Gore shivered, despite the day’s oppressive heat. He could no longer ignore the gnawing ache in the pit of his stomach; he had to do something about it. No matter how much he ate, Gore was hungry all the time now. Trouble was, he couldn’t keep his meat down, he was always chucking it back up. And the weight was dropping off him so fast the others had started giving him sidelong, measuring looks. His ringers trembled violently on the stag-horn grip of the skinning knife, and for a second it damn near slipped away from him. Gore knew he had the oozies, and that he was on the steep downhill slide. Every time he wiped his nose on the sleeve of his duster, he expected to see the first smear of gray pus that signaled the beginning of the end.
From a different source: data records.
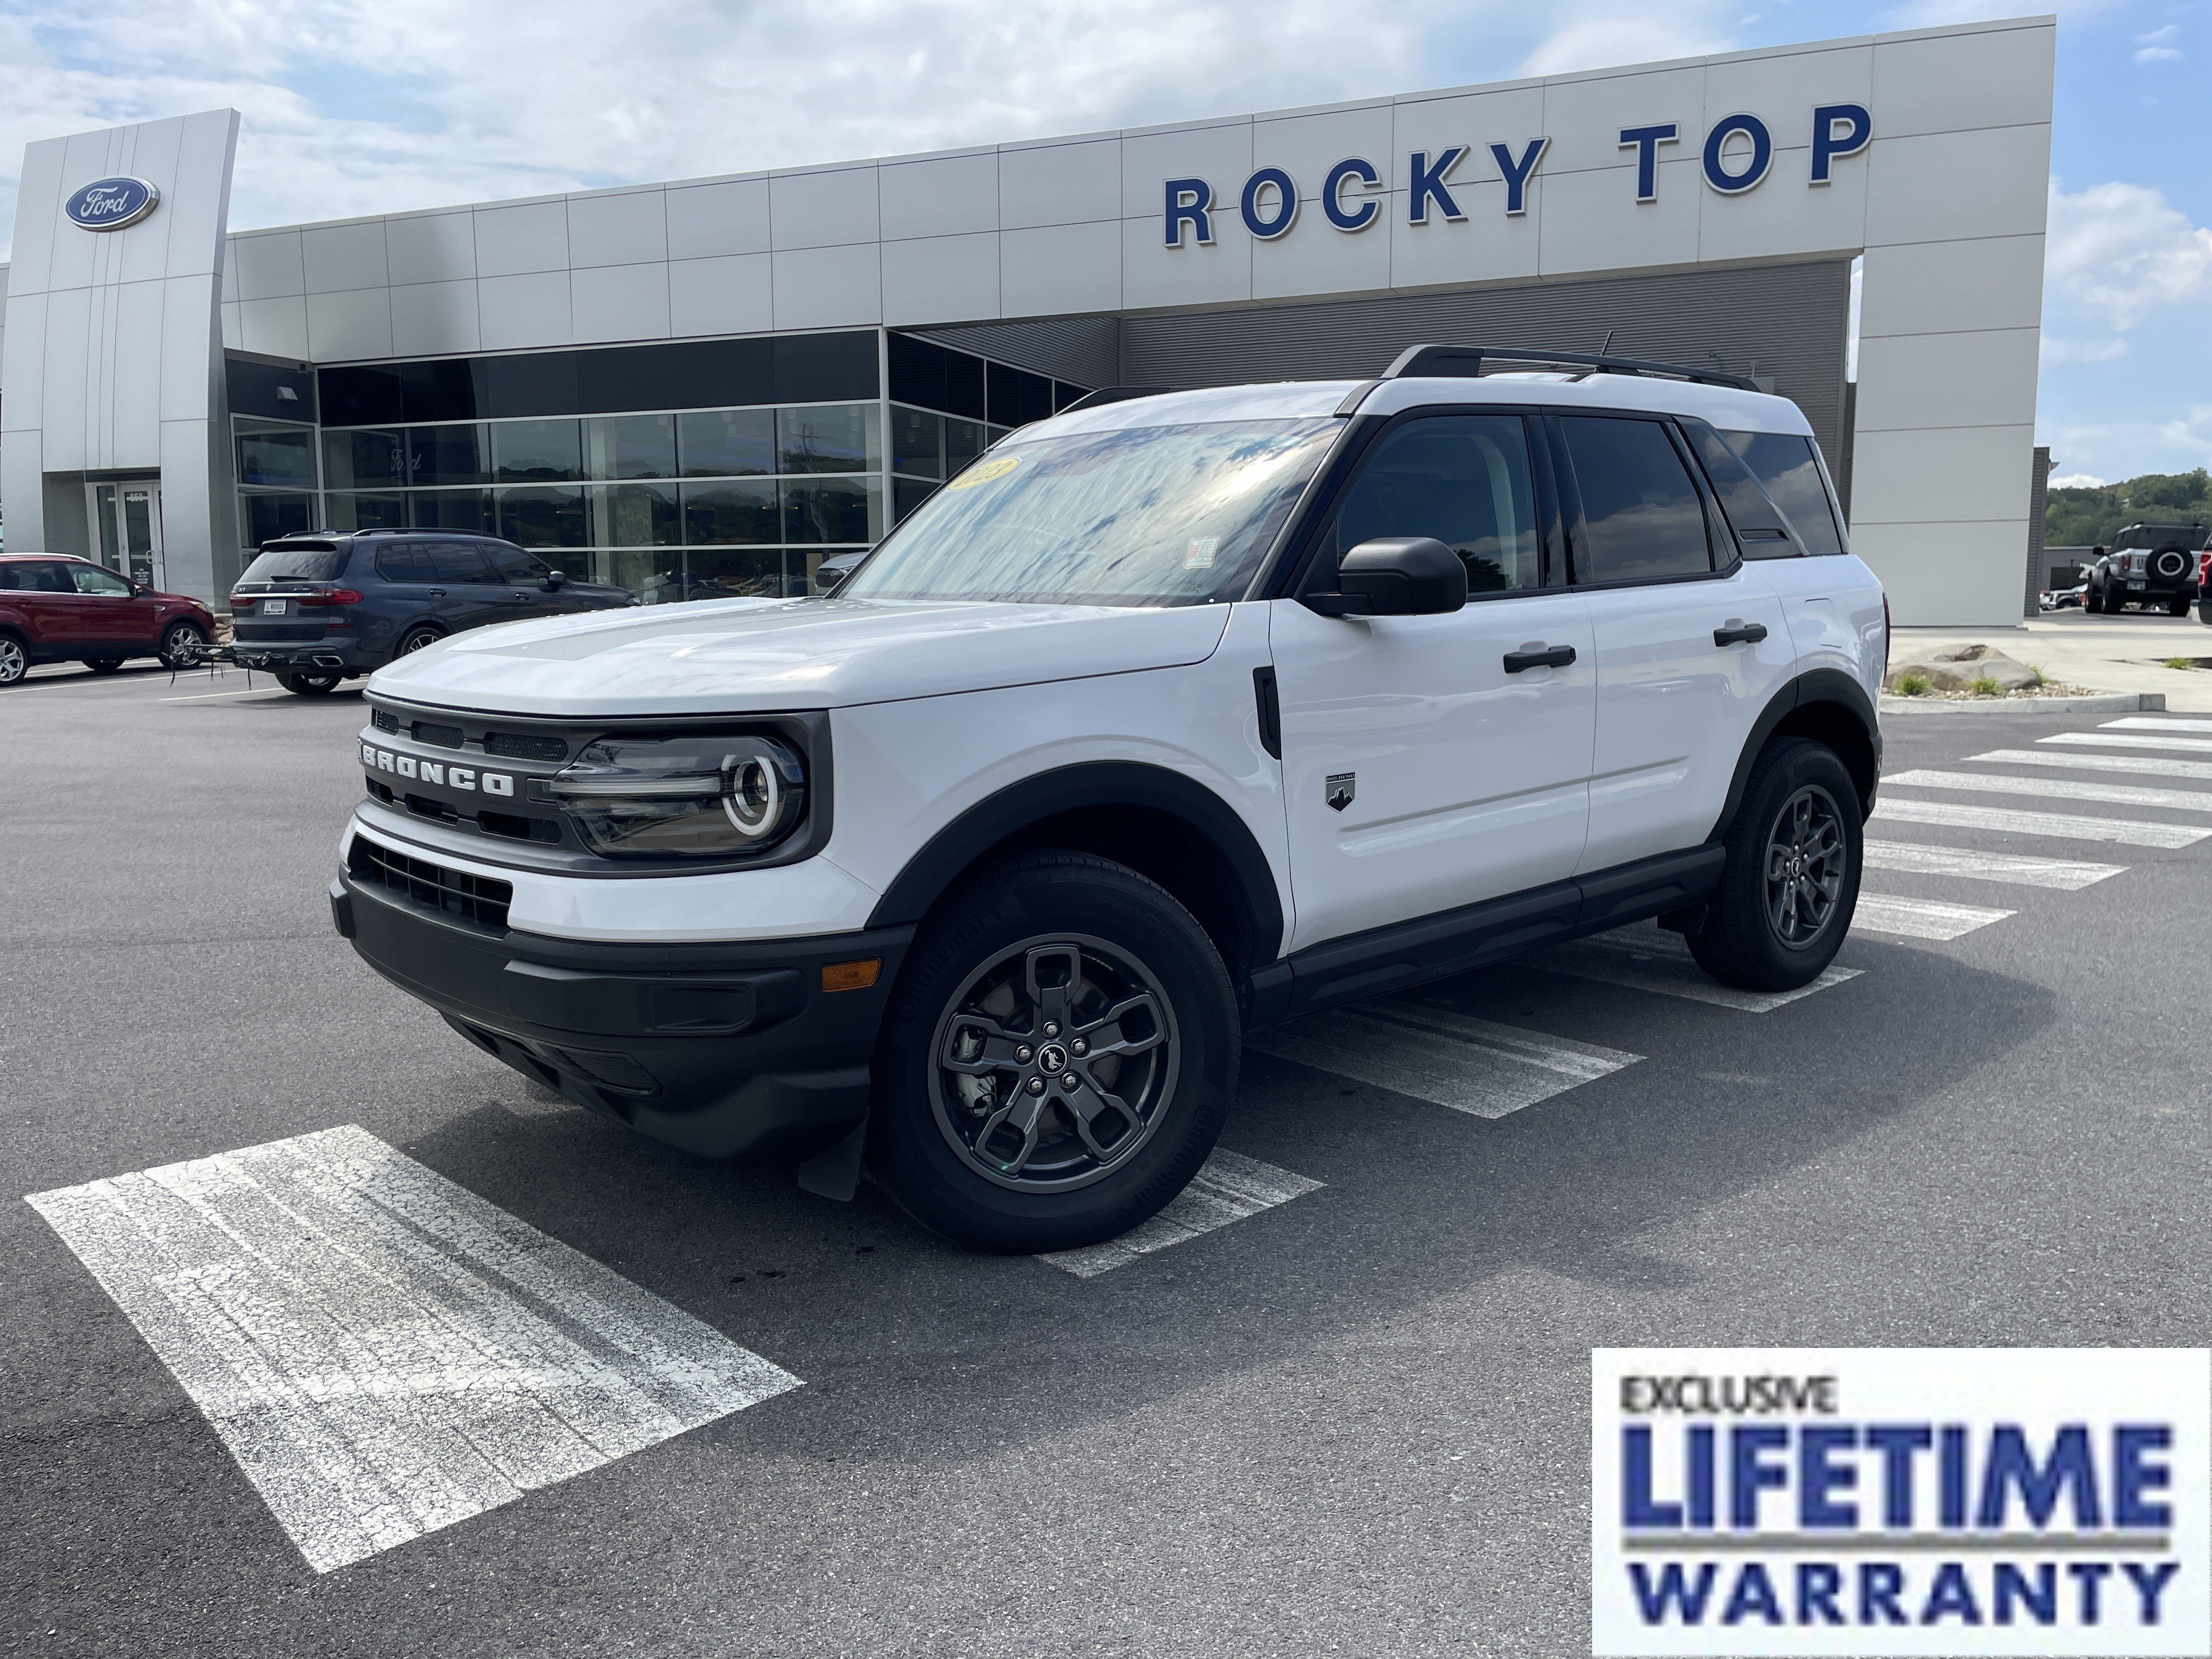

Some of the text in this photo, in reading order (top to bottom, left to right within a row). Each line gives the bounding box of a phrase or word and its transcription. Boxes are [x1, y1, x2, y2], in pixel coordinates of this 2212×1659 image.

[1163, 102, 1874, 247] ROCKY TOP
[81, 187, 129, 217] Ford
[391, 449, 422, 472] Fod
[363, 745, 514, 797] BRONCO
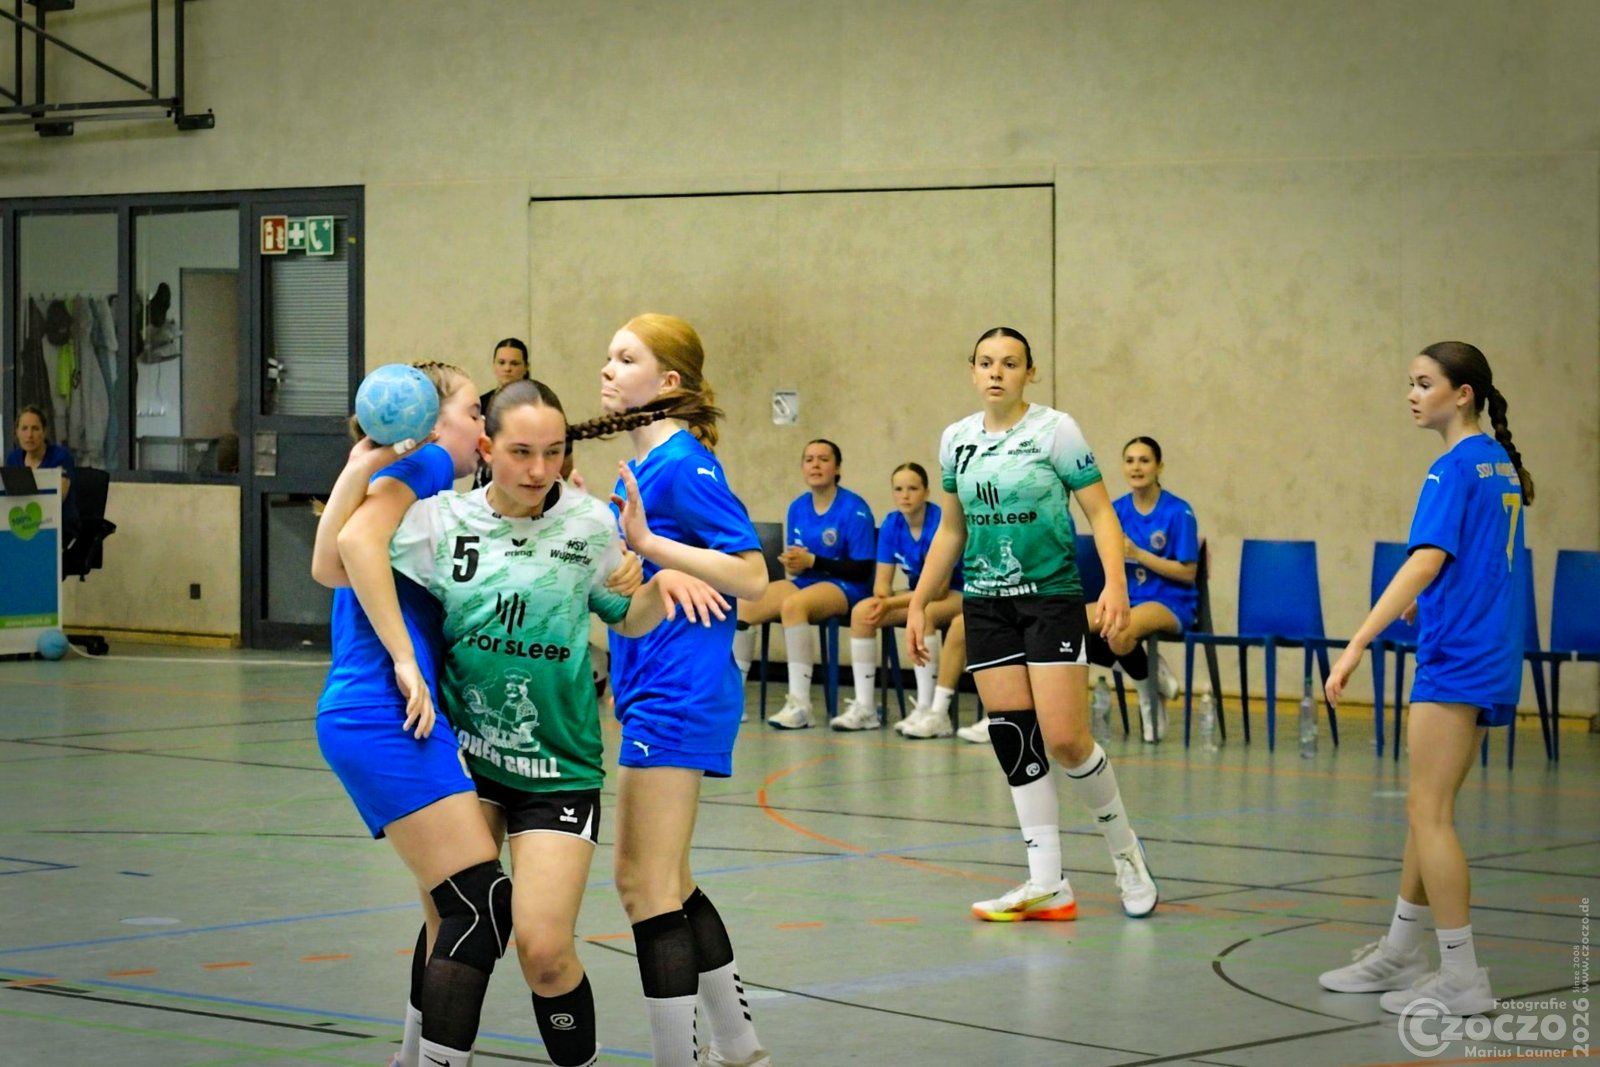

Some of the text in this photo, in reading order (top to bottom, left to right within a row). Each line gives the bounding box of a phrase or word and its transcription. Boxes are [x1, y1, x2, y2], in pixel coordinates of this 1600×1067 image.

When the leader of a cannie pack faltered, the pack picked his bones.

Gleefully.

There was no telling when he’d caught the sickness. Sometimes it took half a lifetime for the death signs to appear. For all he knew, it could have come from his first bite of manflesh, and that was better than a quarter century ago. Some claimed that cannibalism was an acquired taste, but as soon as Gore got that first lick, he was hooked solid. A young sprout back then, he’d joined up with a band of cannies that was passing through his ditchwater ville one summer night, picking off stragglers and half-wits. He loved the cannie life right off, too. It was like being a wolf cub. Hunting and chilling and eating.

Ultimate freedom, every minute of every day. But it wasn’t some hog-slop, romantic philosophy that held him captive; it was the flavor.

The fresher, the better.

At that very moment Gore was thinking about liver. Bloody, still-warm liver. It made his mouth water.

“You’re taking me with you?” Grub said hopefully. “Then you’re not gonna chill me!”